DÉCISION DE RENVOI, FRAIS JUDICIAIRES, DÉPENS | 107 al. 2 LTF
Erwägungen (2 Absätze)
E. 1 La LTF (loi du 17 juin 2005 sur le Tribunal fédéral; RS 173.110) ne connaît pas de disposition équivalente à l'art. 66 al. 1 OJ (loi fédérale d'organisation judiciaire du 16 décembre 1943, aujourd'hui abrogée), qui prévoyait que l'autorité cantonale était tenue de fonder sa nouvelle décision sur les considérants de droit de l'arrêt du Tribunal fédéral. Cette règle demeure toutefois valable sous le nouveau droit (TF 4A_138/2007 du 19 juin 2007 c. 1.5).

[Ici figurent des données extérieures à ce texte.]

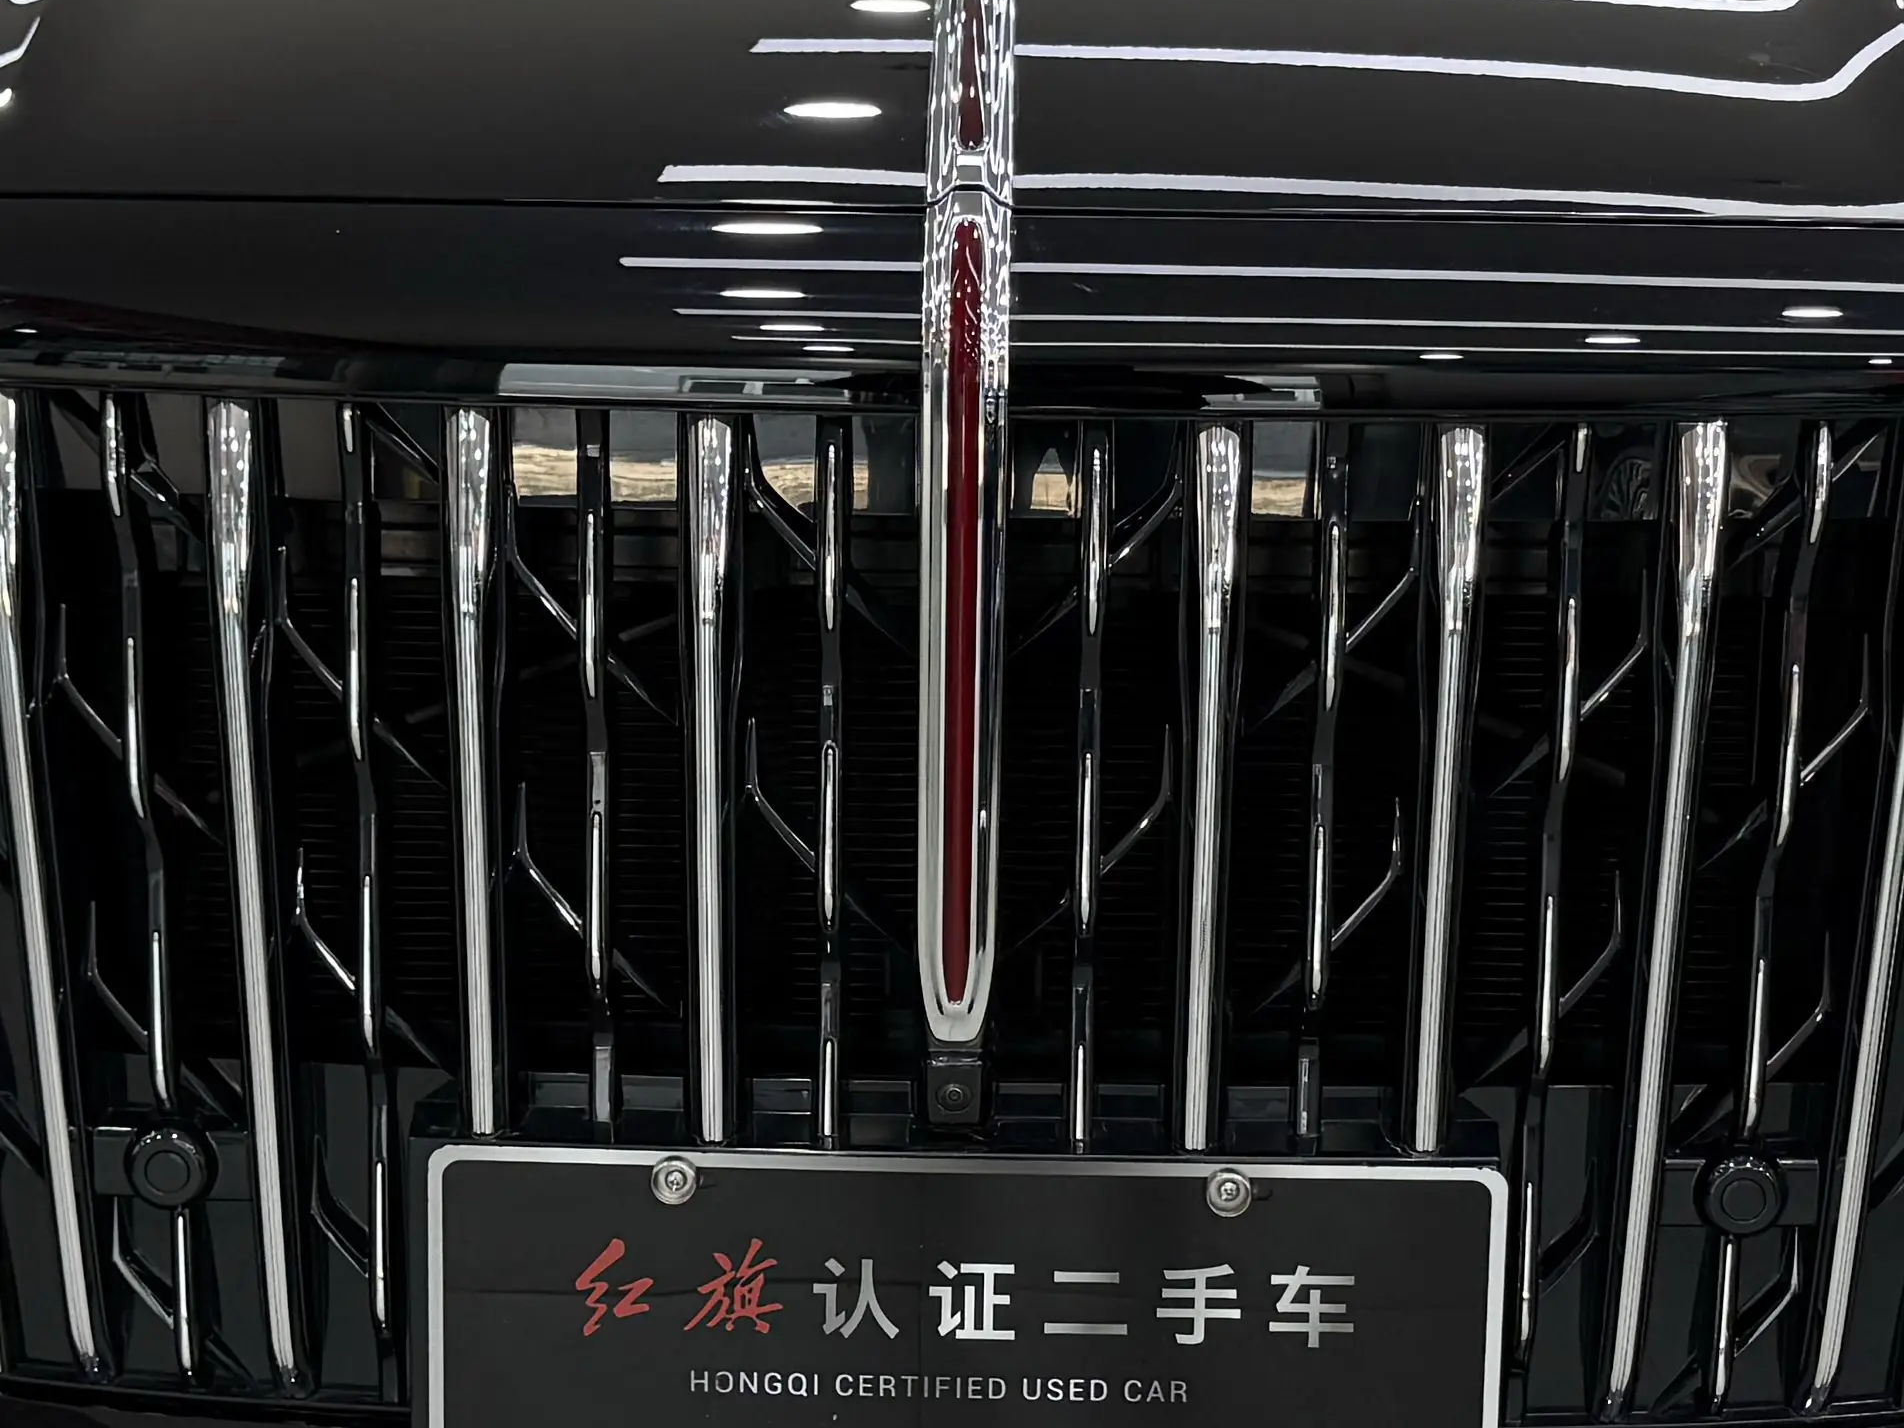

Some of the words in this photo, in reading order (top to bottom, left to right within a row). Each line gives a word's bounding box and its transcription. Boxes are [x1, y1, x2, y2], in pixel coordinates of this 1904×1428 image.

[573, 1237, 1357, 1350] 红旗认证二手车
[689, 1369, 820, 1396] HONGQI
[832, 1373, 1007, 1400] CERTIFIED
[1022, 1377, 1108, 1402] USED
[1124, 1379, 1187, 1403] CAR

Elle signifie que le tribunal auquel la cause est renvoyée voit sa cognition limitée par les motifs de l'arrêt de renvoi, en ce sens qu'il est lié par ce qui a déjà été jugé définitivement par le Tribunal fédéral (ATF 133 III 201 c. 4.2; ATF 131 III 91 c. 5.2 et les arrêts cités). La juridiction cantonale n'est libre de sa décision que sur les points qui n'ont pas été tranchés par l'arrêt de renvoi ou dans la mesure où elle se fonde sur des faits complémentaires établis postérieurement à cet arrêt (TF 5A_336/2008 du 28 août 2008 c. 1.3 avec réf.). Le renvoi porte en l'occurrence uniquement sur la question des frais et dépens de la procédure cantonale.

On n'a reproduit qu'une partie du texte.